And you don’t even need an order. Tennis players from Russia not allowed to Wimbledon?
In early March, a joint decision of the seven major tennis organizations – ATP, WTA, ITF and four Grand Slam tournaments – decided to cancel all tournaments in Russia and Belarus, not allow teams of all ages to participate in team tournaments and allow our athletes to compete in individual events in a neutral status without a country identification – without a flag, anthem and the letter name of the state. This compromise solution suited everyone for a while. Tennis was almost the only sport where our athletes could compete and fight for the top prizes at major tournaments. However, everything changed now.
Nigel Huddleston, Britain’s sports minister, expressed his opinion on whether or not Daniil Medvedev and other Russian tennis players have the right to play at Wimbledon 2022: “We need to make sure that tennis players do not support Putin. And we’re looking at what criteria we can introduce within that framework,” CNN quoted the minister as saying. Medvedev responded to the minister’s statement by saying, “I don’t have any answer for Wimbledon. We’ll have to see what happens next. I try to take each tournament separately. I mean, there are different rules everywhere as to whether or not to play.”

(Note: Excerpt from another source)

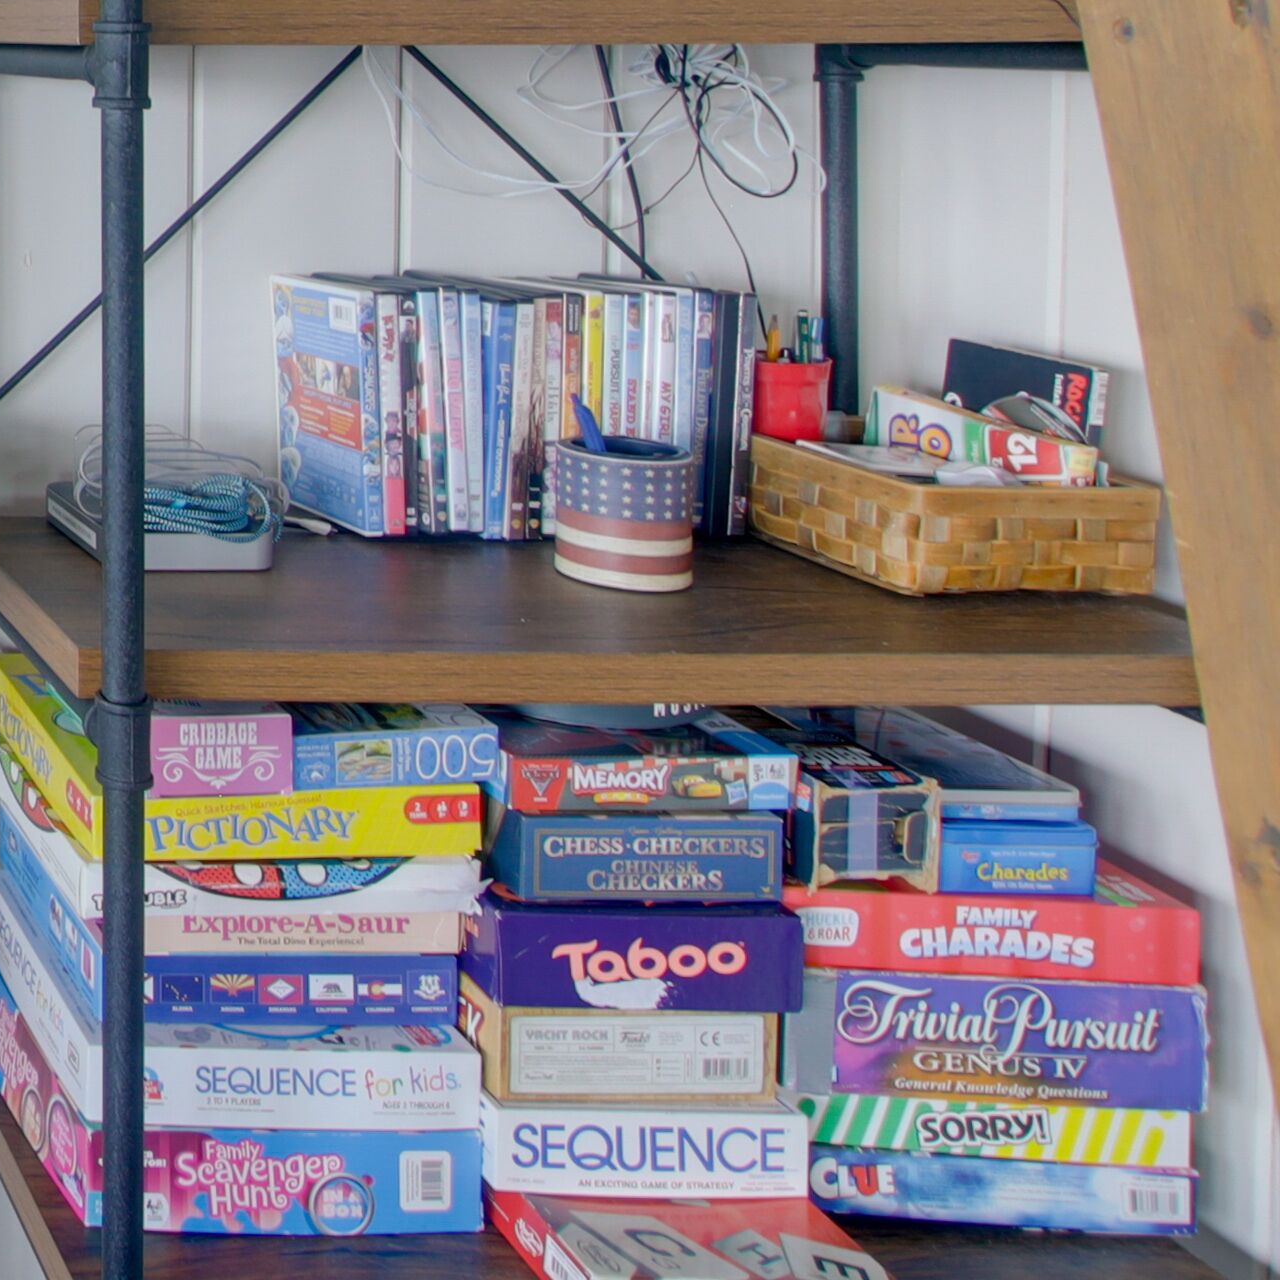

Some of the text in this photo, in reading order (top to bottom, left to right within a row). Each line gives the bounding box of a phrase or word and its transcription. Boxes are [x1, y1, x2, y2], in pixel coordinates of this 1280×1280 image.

For a while, one could be skeptical of the British sports minister’s words, taking them solely as a private opinion. Because, again, Wimbledon, as well as other tennis organizations, had already decided on the system of the admission of our athletes to the tournament. And we could not be afraid of any additional sanctions. But British newspaper The Telegraph quoted its source in the All England Lawn Tennis Club (AELTC) and reported that Wimbledon still may not allow Daniil Medvedev and other Russians to the tournament on its own initiative, without any order: “Private clubs have more freedom as to who may be admitted and who may not. They are not subject to the discrimination laws that exist for [ATP, WTA and ITF] tours. If you host a tennis tournament, you have the right to suspend players – if they have been found guilty of, for example, match-fixing or doping – but you have to prove that those actions are reasonable. If tours acted radically, Russian players could complain that they were being stripped of their jobs for something they were not guilty of. However, Wimbledon, which is run by a private club, is on the sidelines of this situation.”

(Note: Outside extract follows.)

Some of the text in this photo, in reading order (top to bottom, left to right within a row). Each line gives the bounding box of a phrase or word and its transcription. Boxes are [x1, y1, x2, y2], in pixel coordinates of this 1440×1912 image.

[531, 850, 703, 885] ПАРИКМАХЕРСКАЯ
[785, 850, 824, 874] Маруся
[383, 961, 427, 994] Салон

And so on April 6, the situation became more or less clear. The AELTC made an official statement: “We plan to announce a decision before the mid-May deadline. We have taken note of the UK government’s instructions regarding the presence of Russian and Belarusian athletes in neutral status at sporting events in the country. We continue to negotiate with the UK government, the Lawn Tennis Association and the international governing bodies of tennis.” Thus, the situation with the participation of these athletes in Wimbledon will remain frozen until mid-May. Many things can change by that time for the better or for the worse for Russian players.
Former top-10 player and Roland Garros semifinalist of 1989 Andrey Chesnokov gave his opinion on possible non-admission of Russians to Wimbledon: “ATP President said: Let’s finish with the personalities. The rules say what a player has to do. There are 200 pages! Can they get behind the players? Do they have to inoculate against Russia too? Even if someone from Russia gets subsidies from our country, is it criminal? I don’t know how one can play under such pressure. Why should athletes suffer? Everything should be more diplomatic here.
Almost at the same time with the statements about the possible non-admission of our players to Wimbledon the news that Daniil Medvedev had surgery for a hernia and will miss a couple of months. Some experts agreed that the Russian picked a good time to address his health problems, including not getting into arguments around this heated political situation. “The surgery has to be done. I know what it is, Daniel may not even have two months. This might be the best time for the operation not to get into a fight with the British sports minister. Medvedev’s team did everything right. Medvedev will get back on his feet and go out to play. A couple of tournaments will be enough to get him fit. I think he’ll be ready for the US Open. He’ll have enough time. He’s doing really well and he can play five-set tournaments as well. He’ll be fine, there’s no problem,” said Vladimir Kamelzon, Merited Coach of Russia.